Problem statement — Copy every entry below exactly, and keep out the pictures.

Exercise data below:

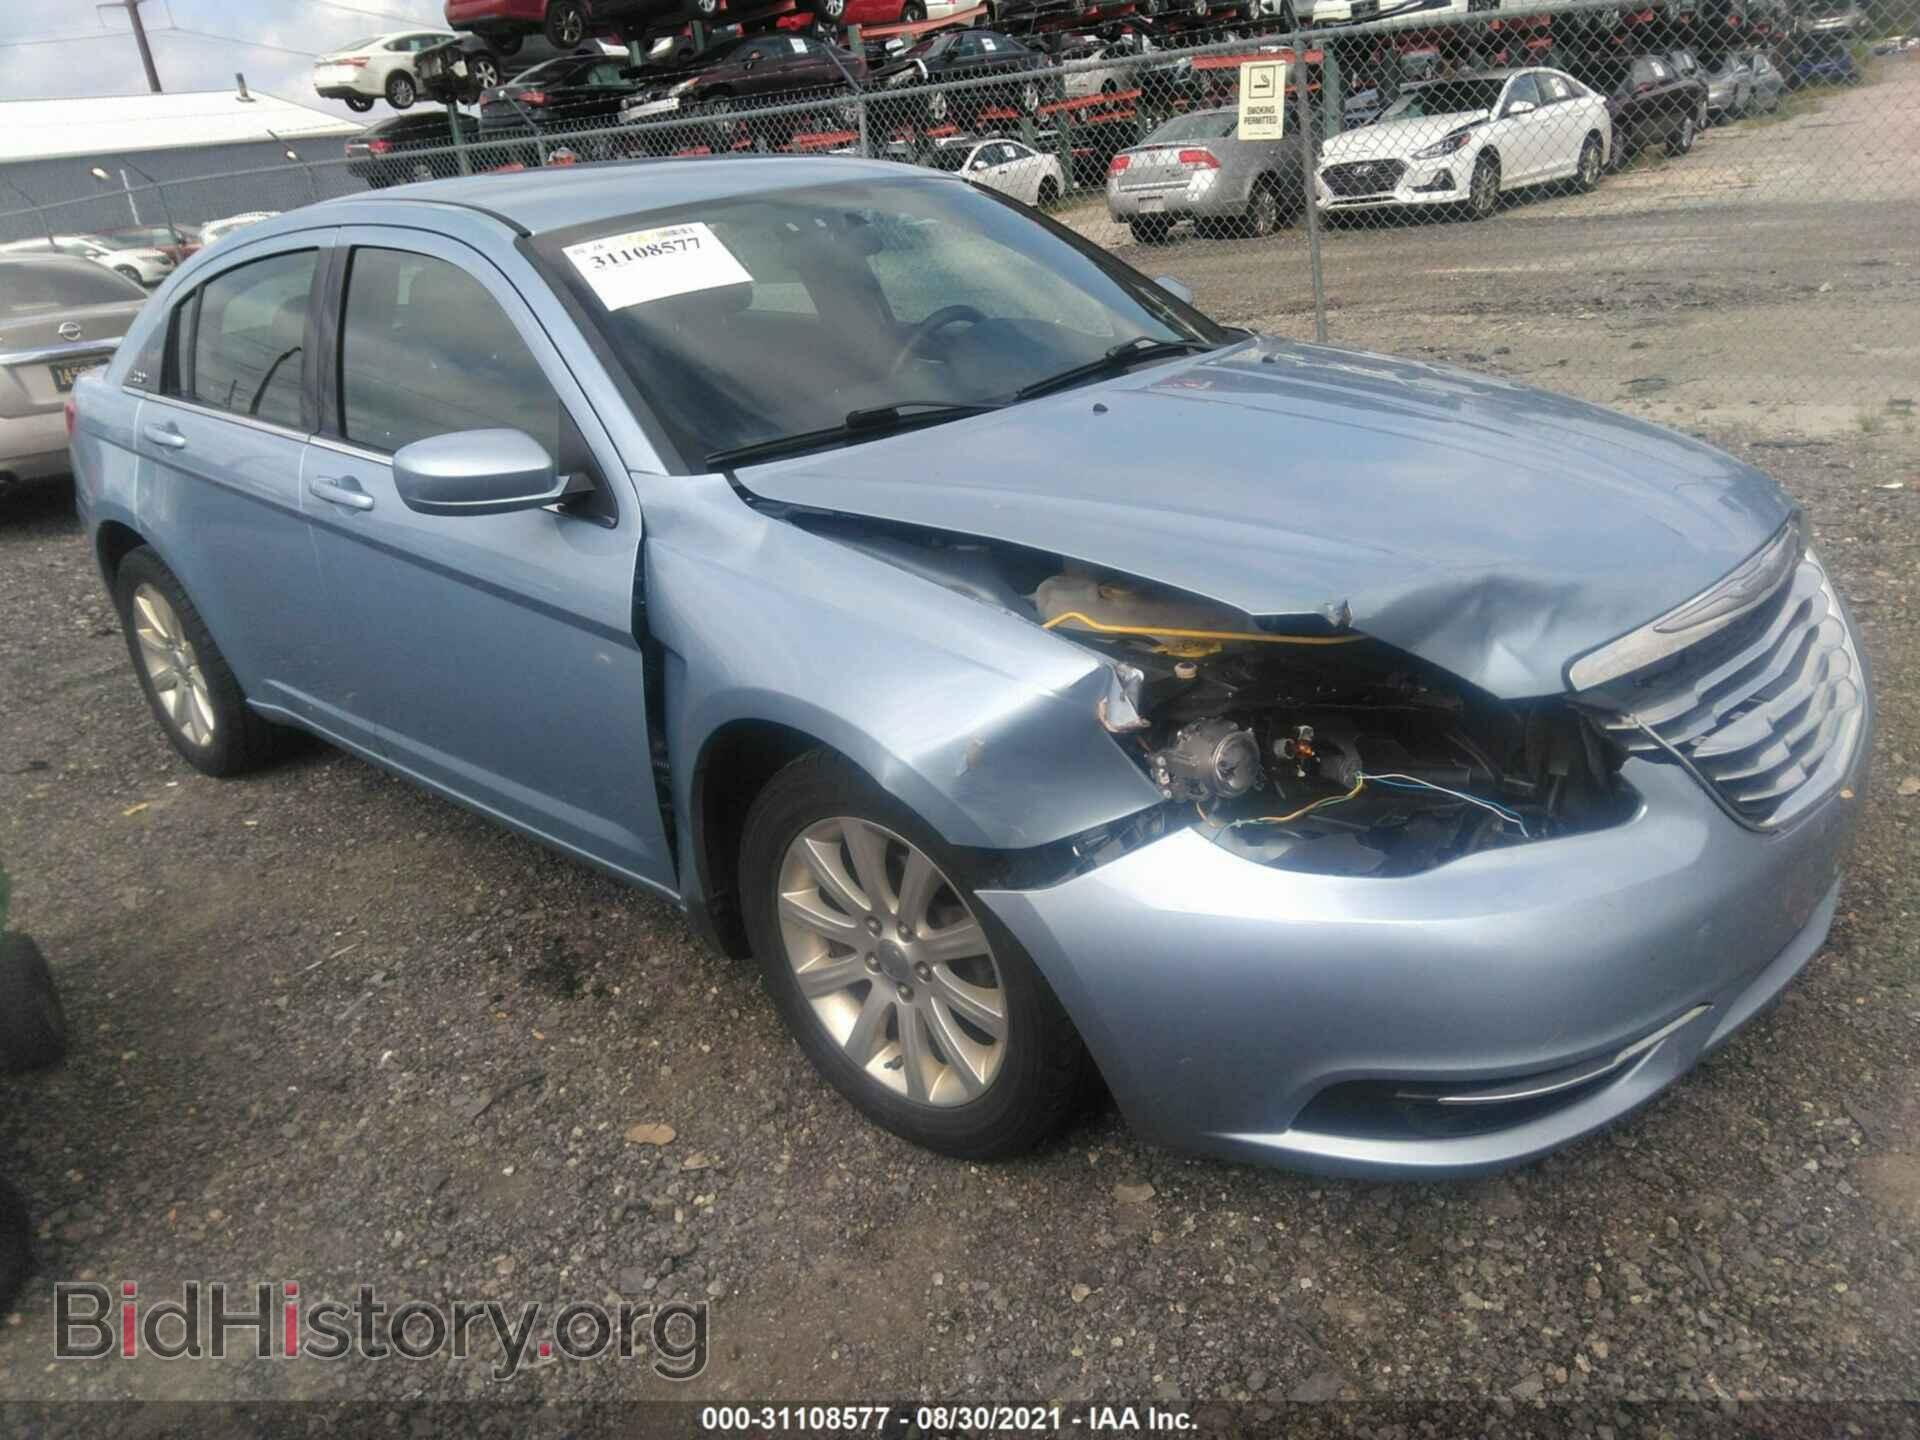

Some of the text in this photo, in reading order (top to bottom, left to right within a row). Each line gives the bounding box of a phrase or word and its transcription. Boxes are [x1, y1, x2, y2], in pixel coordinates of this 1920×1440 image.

[1247, 105, 1275, 115] SMOKING
[1243, 115, 1278, 125] PERMITTED
[591, 237, 700, 269] 31108577
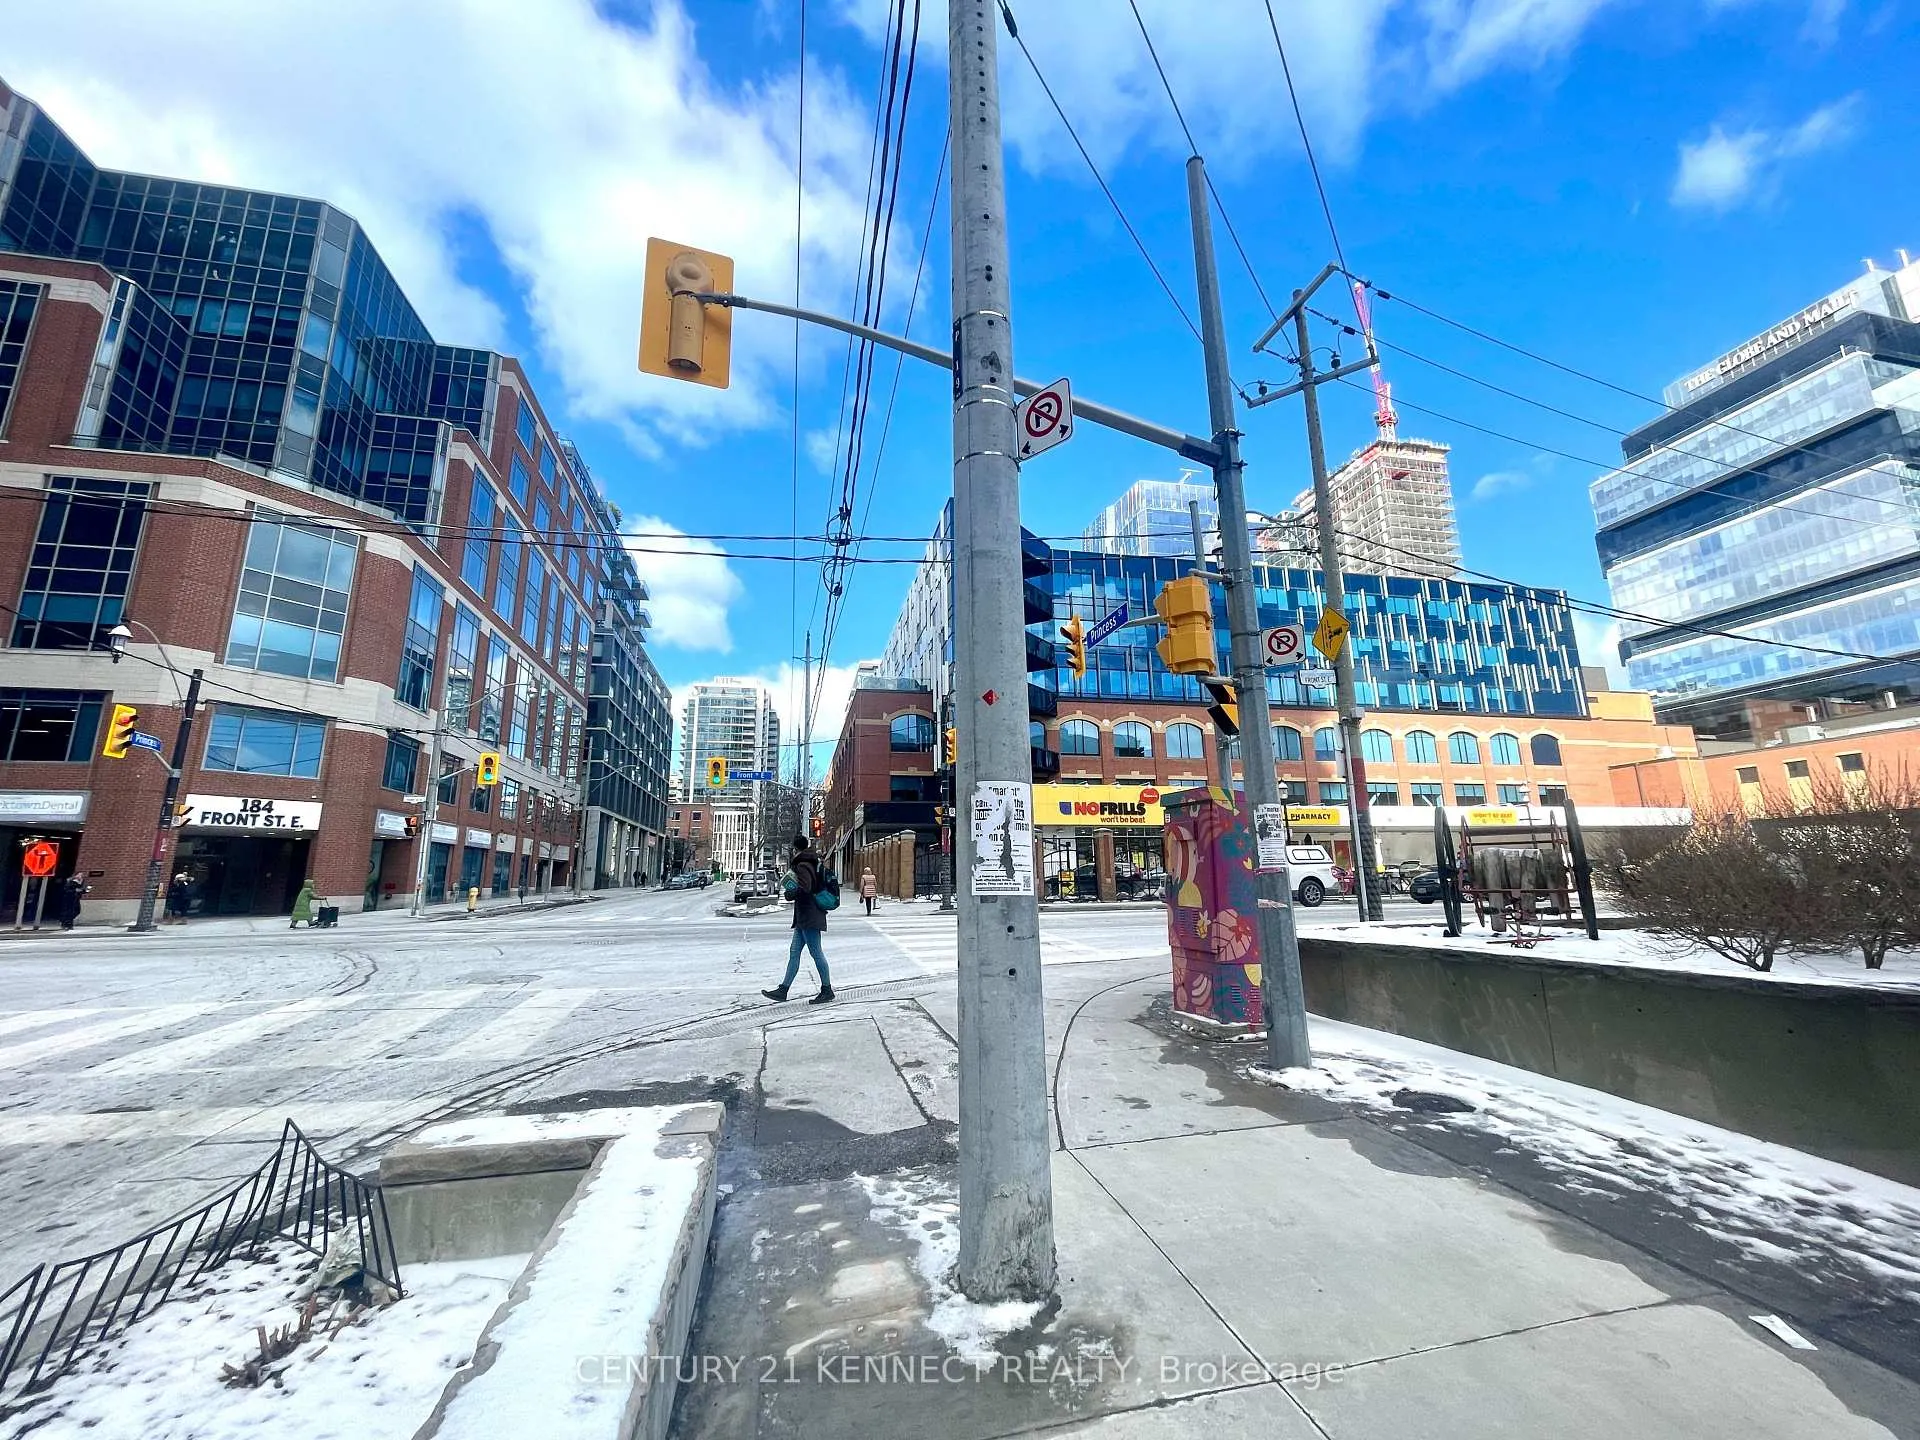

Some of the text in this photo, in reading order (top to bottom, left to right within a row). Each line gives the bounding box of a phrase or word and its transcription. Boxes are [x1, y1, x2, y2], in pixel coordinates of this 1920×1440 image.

[1684, 367, 1715, 392] THE
[1716, 340, 1766, 375] GLOBE
[1766, 320, 1801, 346] AND
[1090, 616, 1117, 643] Princess
[239, 798, 274, 814] 184
[200, 811, 304, 829] FRONT ST. E.

End of Exercise data.

Output —
Some of the text in this photo, in reading order (top to bottom, left to right within a row). Each line gives the bounding box of a phrase or word and its transcription. Boxes are [x1, y1, x2, y2], in pixel coordinates of this 1920×1440 image.

[1247, 105, 1275, 115] SMOKING
[1243, 115, 1278, 125] PERMITTED
[591, 237, 700, 269] 31108577

Some of the text in this photo, in reading order (top to bottom, left to right within a row). Each line gives the bounding box of a phrase or word and its transcription. Boxes are [x1, y1, x2, y2], in pixel coordinates of this 1920×1440 image.

[1684, 367, 1715, 392] THE
[1716, 340, 1766, 375] GLOBE
[1766, 320, 1801, 346] AND
[1090, 616, 1117, 643] Princess
[239, 798, 274, 814] 184
[200, 811, 304, 829] FRONT ST. E.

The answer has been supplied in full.